Are there any available childcare services available for employees
during the pandemic?
The local YMCA Child Care Resource Services agency can assist with childcare through its enhanced referral for healthcare workers, first responders, law enforcement, and military personnel. Call the hotline at (619) 952-0242 between Monday to Friday from 8:00 AM - 5:00 PM, and their specialists will help locate a provider that matches your family’s immediate needs.
Are there opportunities for California emergency medical technicians,
paramedics, nurses, and doctors to volunteer?
Yes, healthcare workers can sign up on the California Health Corps website for emergency medical staffing roles. On the California Health Corps registration form, they will be asked to choose one or both of these two programs: the San Diego Medical Reserve Corps (MRC) and the California Medical Assistance Team (CAL-MAT).
Providers who would like to volunteer locally can e-mail MRC-VOLCOORD.HHSA@sdcounty.ca.gov with their name, certification level, and contact information. These volunteers may be used for other specific missions within San Diego County.
What opportunities are there for medical and nursing students interested
Students can sign up through the California Health Corps website for emergency medical staffing roles.
Can recovered COVID-19 patients donate blood?

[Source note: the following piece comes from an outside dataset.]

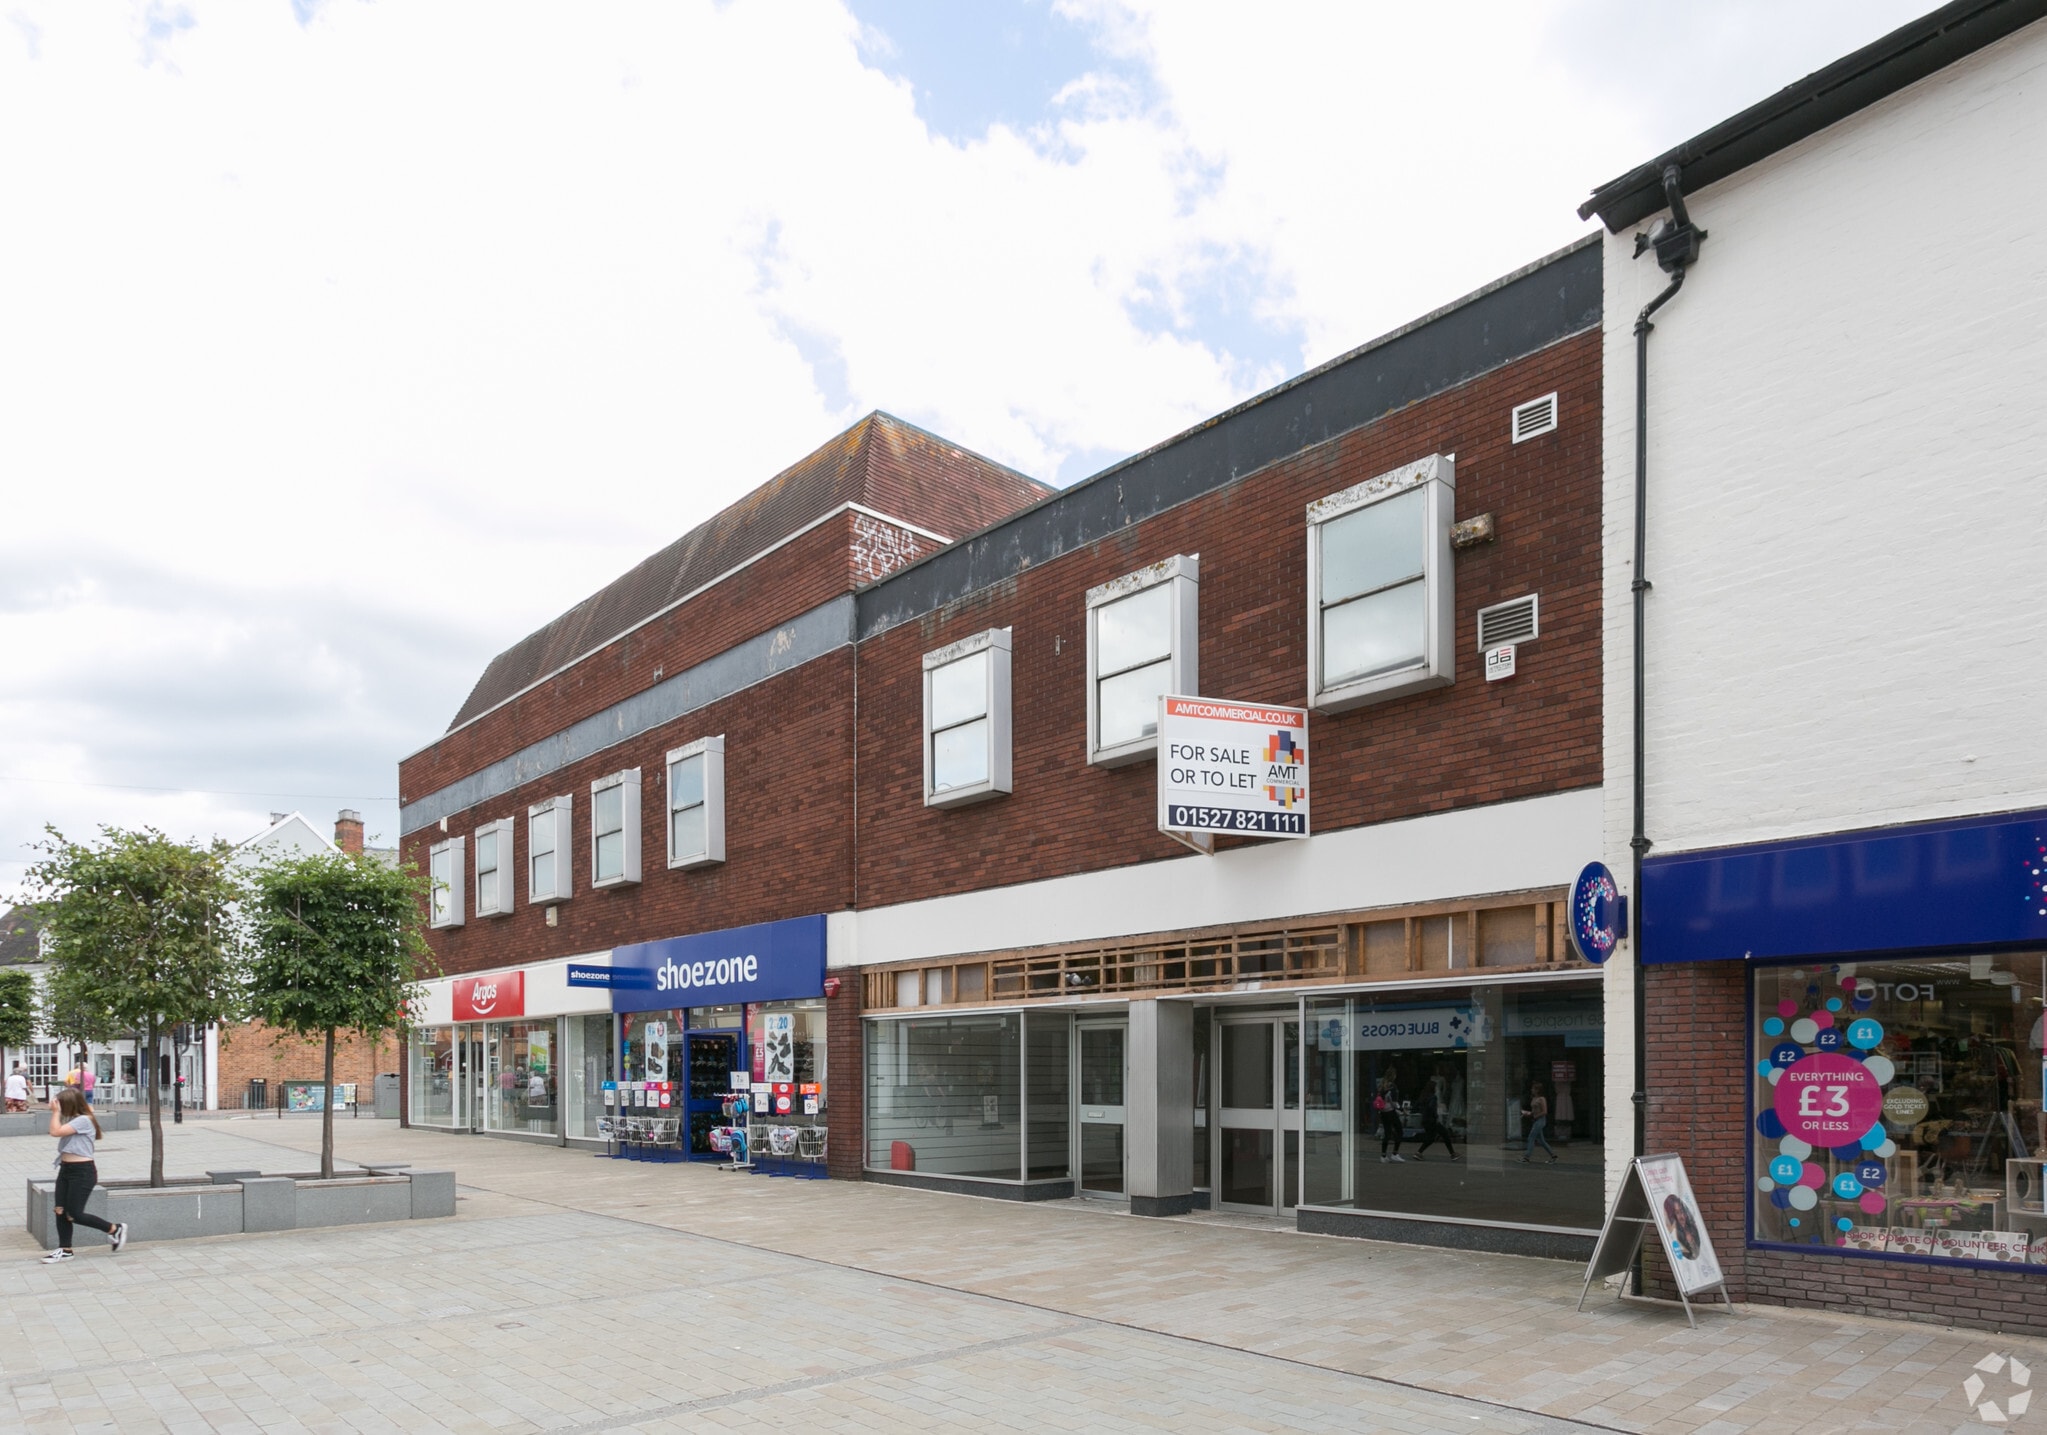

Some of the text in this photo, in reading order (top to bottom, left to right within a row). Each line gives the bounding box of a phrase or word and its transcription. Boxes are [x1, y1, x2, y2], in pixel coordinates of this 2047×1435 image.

Yes, recovered individuals may donate convalescent plasma provided they meet the standard blood donation guidelines. For more information and FAQs, visit the San Diego Blood Bank COVID-19 and Convalescent Plasma Donation webpage (English/Español). In addition, patients can donate blood through the American Red Cross. Visit the Red Cross Plasma Donations from Recovered COVID-19 Patients webpage for more details.